Dalam bidang peradilan pidana, kasus kriminal yang melibatkan Uang Virtual semakin meningkat, terutama yang berfokus pada penipuan, pencurian, dan kejahatan komputer. Namun, kasus perampokan yang menggunakan kekerasan atau ancaman untuk mendapatkan Uang Virtual tidaklah umum. Oleh karena itu, kasus perampokan Bitcoin yang terjadi di Yichun, Jiangxi pada tahun 2021 menarik perhatian luas, menjadi kasus contoh dalam praktik peradilan, dan memberikan referensi penting untuk penilaian dan penjatuhan hukuman terhadap aset kripto dalam kasus pidana.
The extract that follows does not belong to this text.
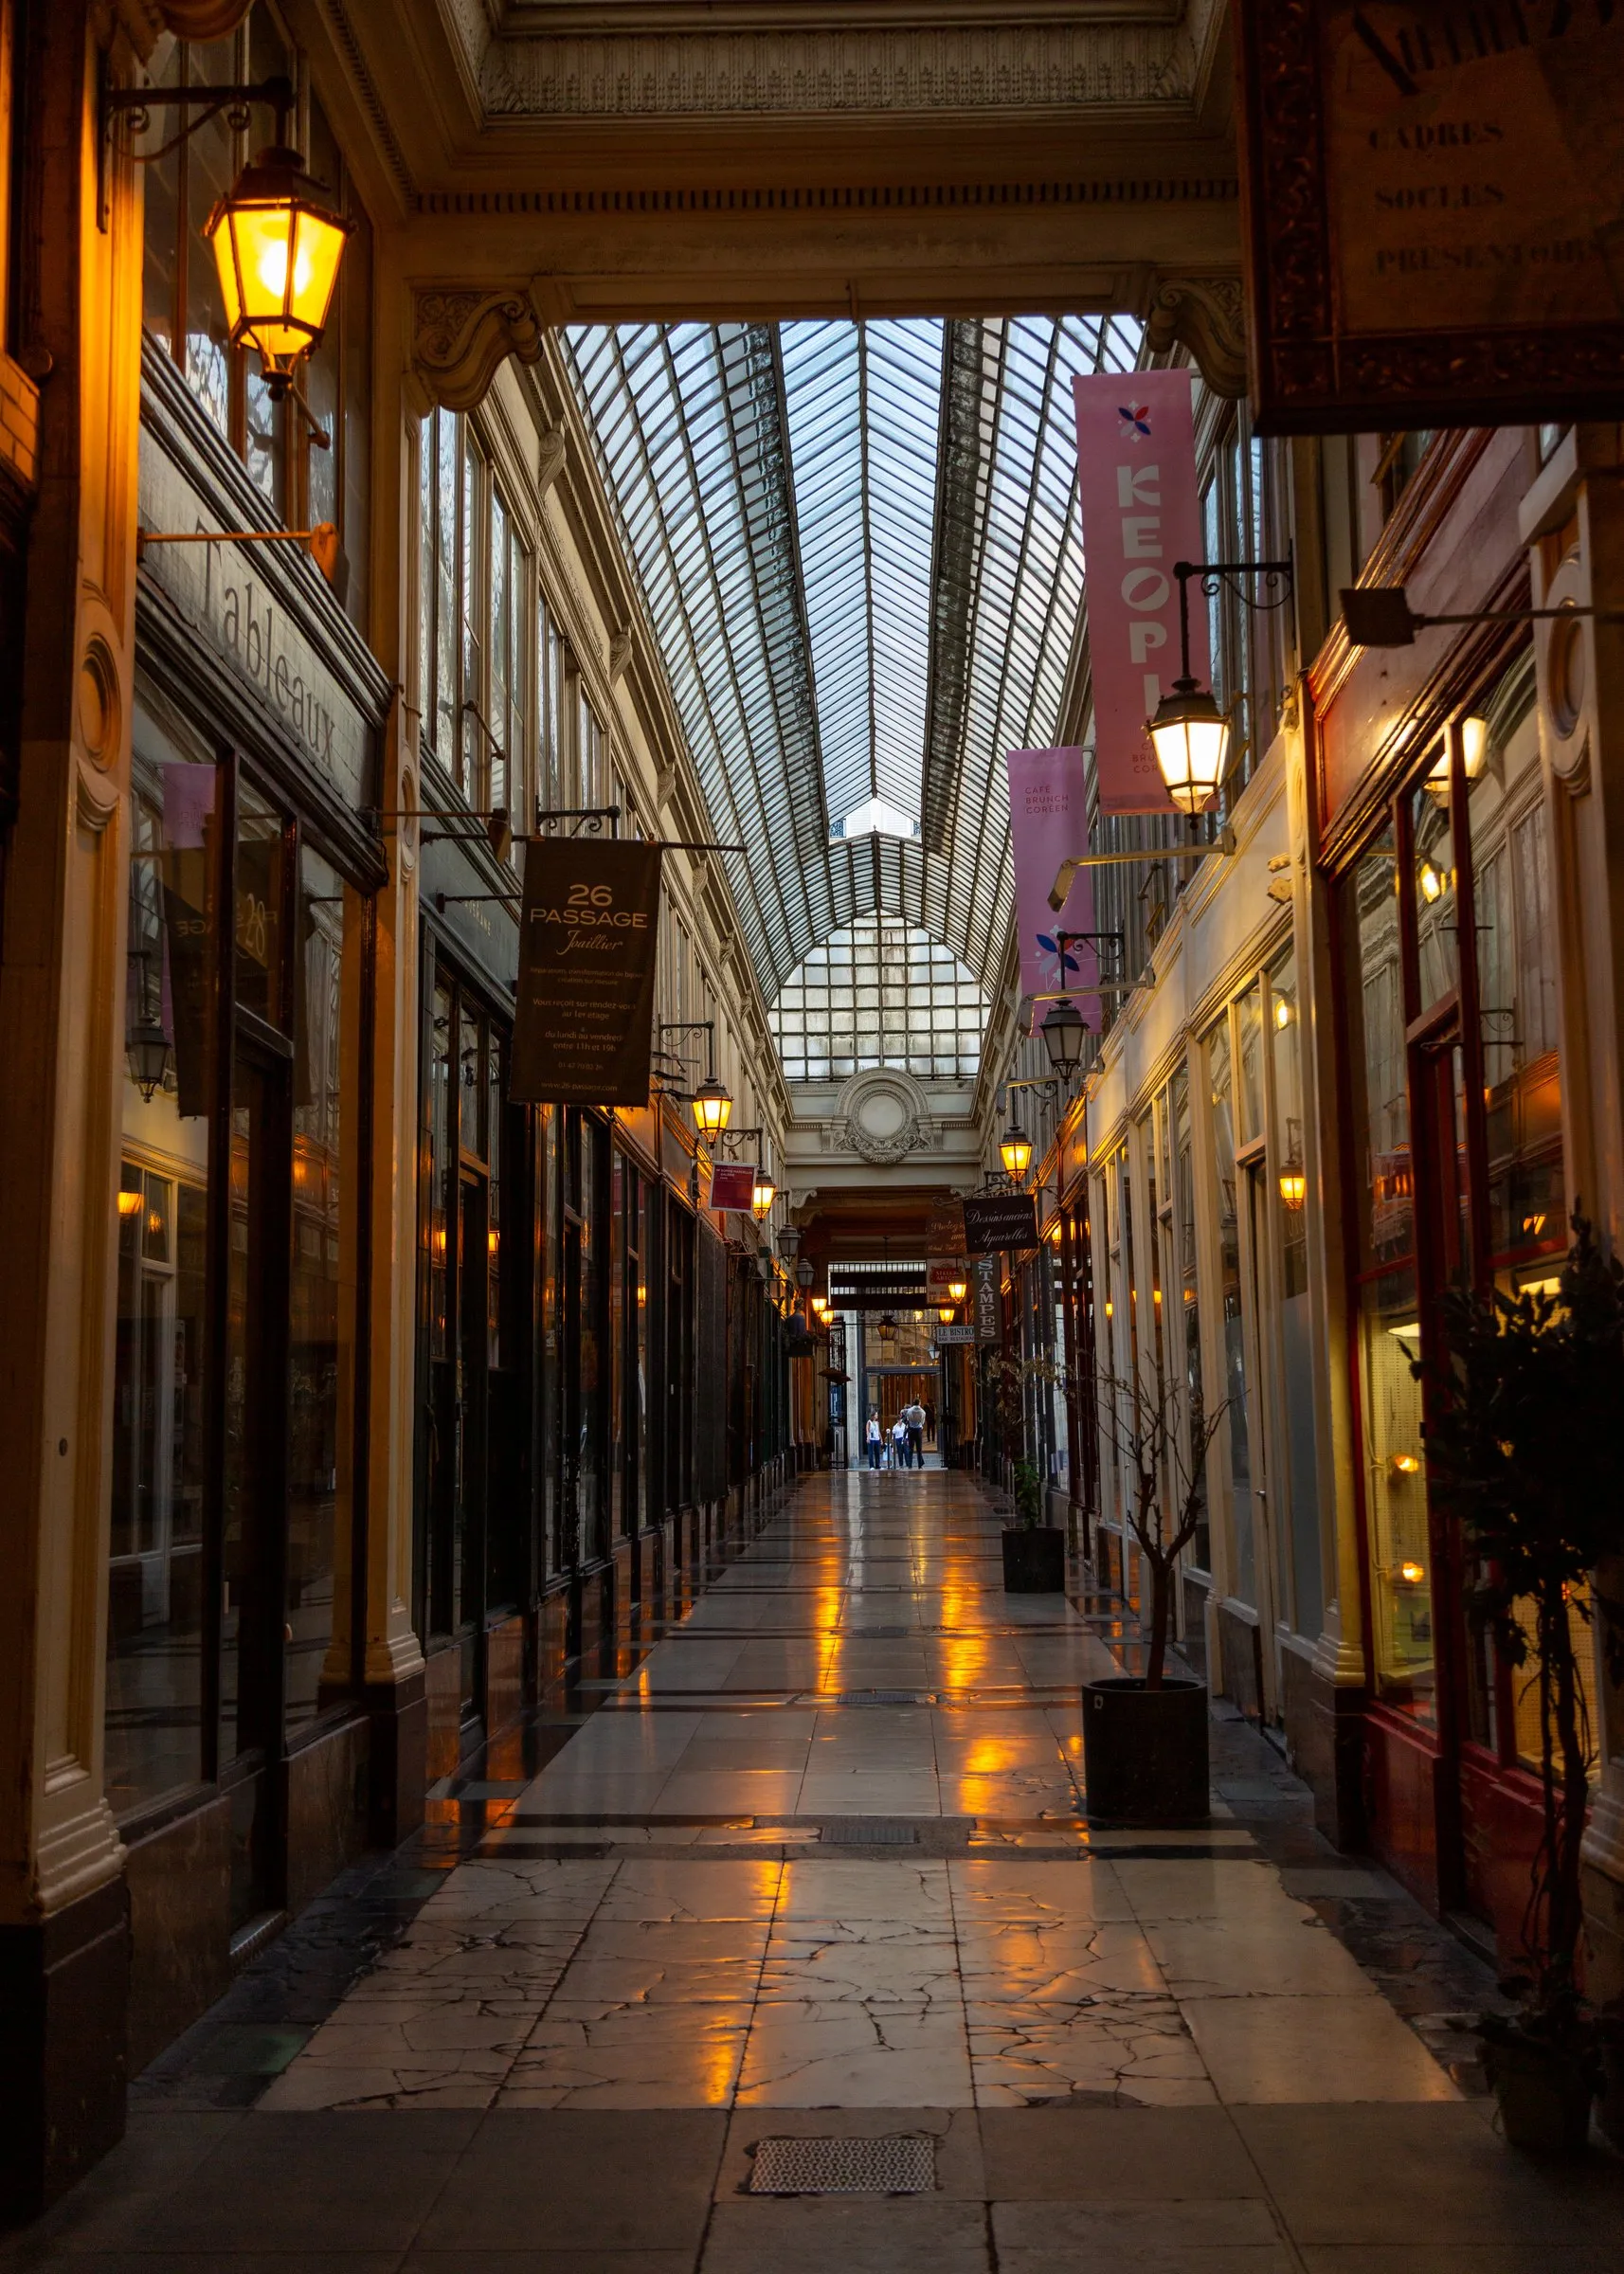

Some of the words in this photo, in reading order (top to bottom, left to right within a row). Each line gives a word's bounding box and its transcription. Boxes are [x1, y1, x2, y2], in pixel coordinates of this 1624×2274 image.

Ringkasan Kasus: Sebuah Rencana Perampokan Bitcoin yang Gagal
Pada Mei 2021, Lai, yang mengalami kerugian akibat spekulasi koin, mengetahui bahwa Peng memiliki setidaknya 5 Bitcoin, dan muncul niat untuk merampok. Dia memposting di internet untuk merekrut rekan, yang menarik perhatian Xiang. Keduanya bertemu di Yichun dan menginap di hotel, merencanakan dengan detail aksi perampokan. Mereka berencana untuk mengumpulkan setidaknya 4 orang dan menggunakan investasi sebagai alasan untuk memperdaya target ke tempat terpencil, kemudian mengendalikan pihak tersebut dan meminta akun dan kata sandi Bitcoin.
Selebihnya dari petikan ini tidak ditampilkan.